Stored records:
■ ■ ■

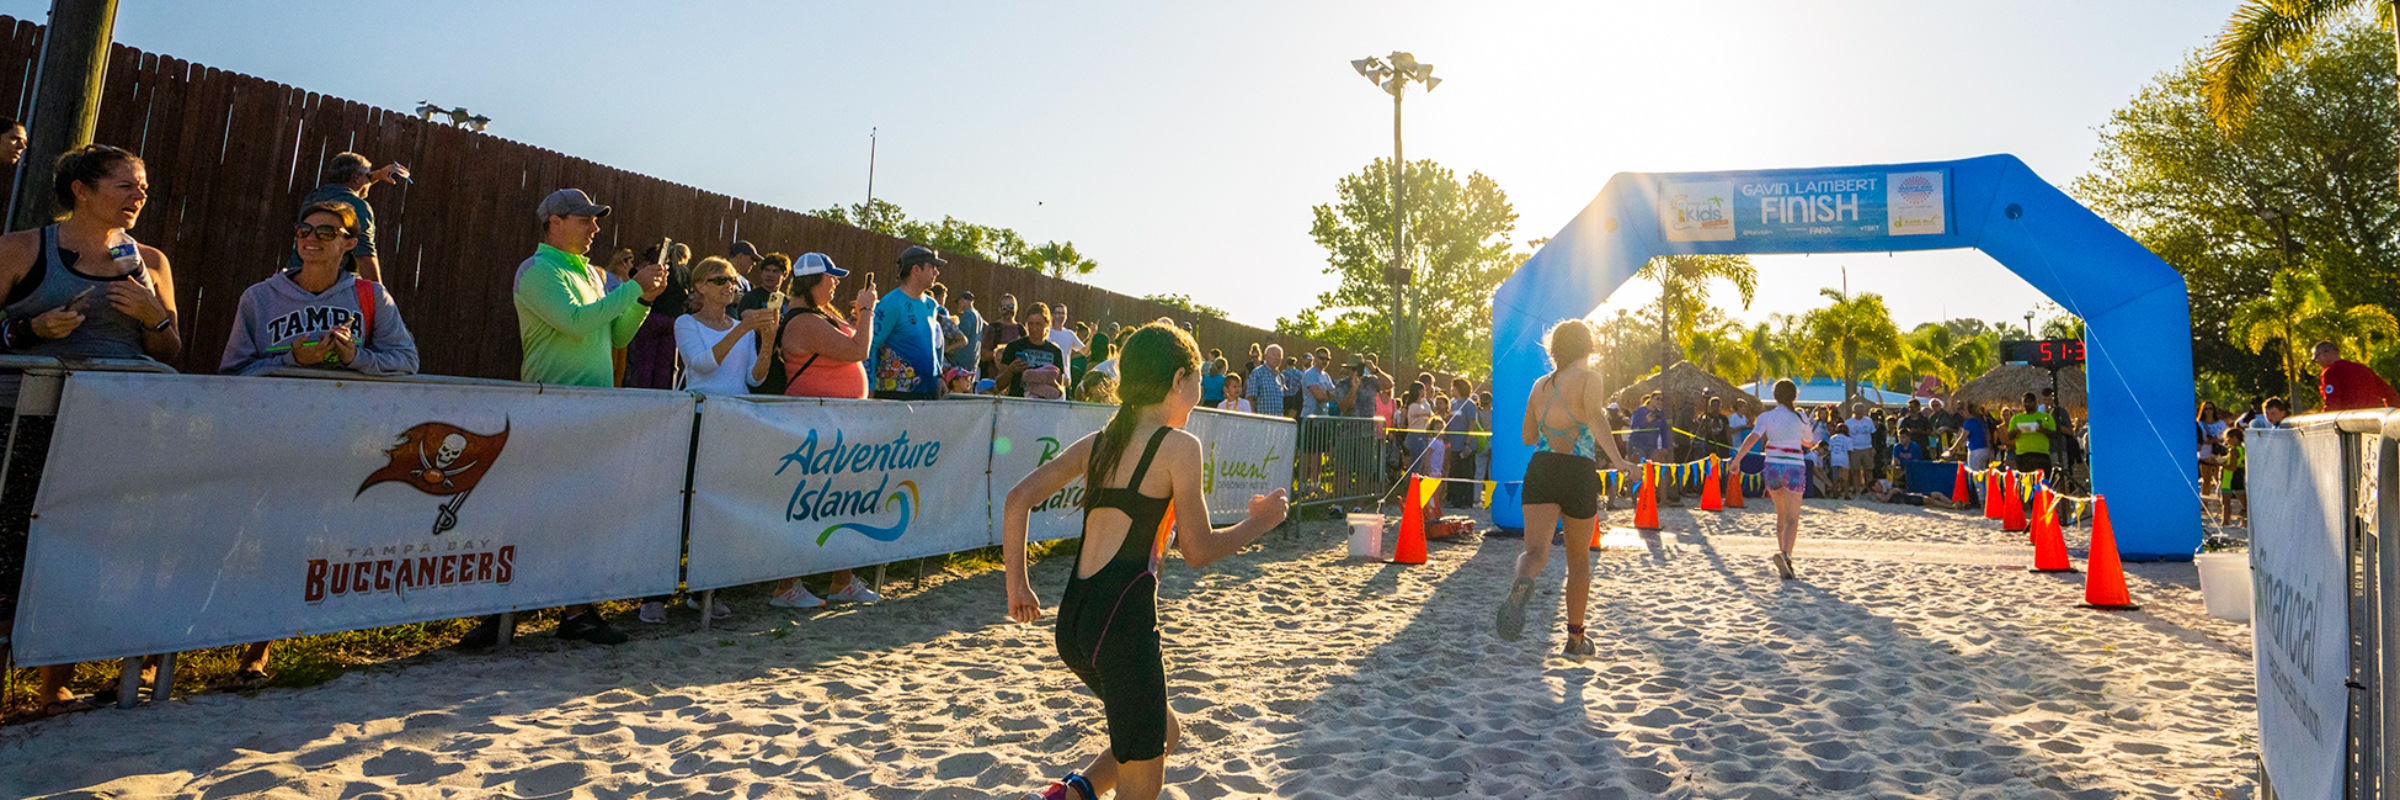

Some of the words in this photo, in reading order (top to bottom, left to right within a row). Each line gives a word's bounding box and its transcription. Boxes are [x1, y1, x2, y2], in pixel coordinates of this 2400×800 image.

[1742, 183, 1790, 196] GAVIN
[1795, 178, 1877, 194] LAMBERT
[1761, 193, 1859, 225] FINISH
[267, 305, 364, 345] TAMPA
[774, 427, 941, 476] Adventure
[1220, 445, 1280, 480] event
[786, 473, 889, 522] Island
[345, 543, 431, 558] TAMPA
[446, 538, 490, 551] BAY
[303, 545, 517, 605] BUCCANEERS

■ ■ ■

Task to carry out = Reproduce all of the entries word for word, skipping any pictures they hold.

Reply to the exercise =
Some of the words in this photo, in reading order (top to bottom, left to right within a row). Each line gives a word's bounding box and its transcription. Boxes are [x1, y1, x2, y2], in pixel coordinates of this 2400×800 image.

[1742, 183, 1790, 196] GAVIN
[1795, 178, 1877, 194] LAMBERT
[1761, 193, 1859, 225] FINISH
[267, 305, 364, 345] TAMPA
[774, 427, 941, 476] Adventure
[1220, 445, 1280, 480] event
[786, 473, 889, 522] Island
[345, 543, 431, 558] TAMPA
[446, 538, 490, 551] BAY
[303, 545, 517, 605] BUCCANEERS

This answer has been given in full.